- **EXERCISE GOAL**
Could you reproduce the line where "this 2357×1568 image." occurs and all lines after it in the listing below, through the final one, without changing anything?
[Opening DATA EXCERPTS section]
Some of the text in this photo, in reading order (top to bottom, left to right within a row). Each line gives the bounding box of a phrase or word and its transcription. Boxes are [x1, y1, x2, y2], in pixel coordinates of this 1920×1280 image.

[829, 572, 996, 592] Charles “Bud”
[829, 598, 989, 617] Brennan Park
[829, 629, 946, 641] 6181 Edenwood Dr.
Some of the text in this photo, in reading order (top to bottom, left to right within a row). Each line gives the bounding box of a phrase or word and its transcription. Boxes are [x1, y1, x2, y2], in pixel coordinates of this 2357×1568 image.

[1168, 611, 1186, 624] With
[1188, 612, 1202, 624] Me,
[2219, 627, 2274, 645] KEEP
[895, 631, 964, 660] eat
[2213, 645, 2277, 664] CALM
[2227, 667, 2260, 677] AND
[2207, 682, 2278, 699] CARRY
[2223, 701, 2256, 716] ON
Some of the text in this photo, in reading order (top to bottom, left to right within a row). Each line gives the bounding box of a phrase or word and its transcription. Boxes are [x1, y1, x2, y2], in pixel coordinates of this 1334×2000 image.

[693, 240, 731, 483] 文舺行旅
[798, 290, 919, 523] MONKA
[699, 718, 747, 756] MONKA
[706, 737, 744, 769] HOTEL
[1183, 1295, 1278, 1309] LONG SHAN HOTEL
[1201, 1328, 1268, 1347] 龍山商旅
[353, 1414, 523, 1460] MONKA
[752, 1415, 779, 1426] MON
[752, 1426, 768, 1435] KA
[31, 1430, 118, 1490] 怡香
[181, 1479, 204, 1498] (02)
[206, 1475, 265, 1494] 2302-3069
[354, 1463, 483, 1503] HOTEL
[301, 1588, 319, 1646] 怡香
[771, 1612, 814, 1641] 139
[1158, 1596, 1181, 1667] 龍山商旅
[Closing DATA EXCERPTS section]
- **ANSWER SECTION**
Some of the text in this photo, in reading order (top to bottom, left to right within a row). Each line gives the bounding box of a phrase or word and its transcription. Boxes are [x1, y1, x2, y2], in pixel coordinates of this 2357×1568 image.

[1168, 611, 1186, 624] With
[1188, 612, 1202, 624] Me,
[2219, 627, 2274, 645] KEEP
[895, 631, 964, 660] eat
[2213, 645, 2277, 664] CALM
[2227, 667, 2260, 677] AND
[2207, 682, 2278, 699] CARRY
[2223, 701, 2256, 716] ON
Some of the text in this photo, in reading order (top to bottom, left to right within a row). Each line gives the bounding box of a phrase or word and its transcription. Boxes are [x1, y1, x2, y2], in pixel coordinates of this 1334×2000 image.

[693, 240, 731, 483] 文舺行旅
[798, 290, 919, 523] MONKA
[699, 718, 747, 756] MONKA
[706, 737, 744, 769] HOTEL
[1183, 1295, 1278, 1309] LONG SHAN HOTEL
[1201, 1328, 1268, 1347] 龍山商旅
[353, 1414, 523, 1460] MONKA
[752, 1415, 779, 1426] MON
[752, 1426, 768, 1435] KA
[31, 1430, 118, 1490] 怡香
[181, 1479, 204, 1498] (02)
[206, 1475, 265, 1494] 2302-3069
[354, 1463, 483, 1503] HOTEL
[301, 1588, 319, 1646] 怡香
[771, 1612, 814, 1641] 139
[1158, 1596, 1181, 1667] 龍山商旅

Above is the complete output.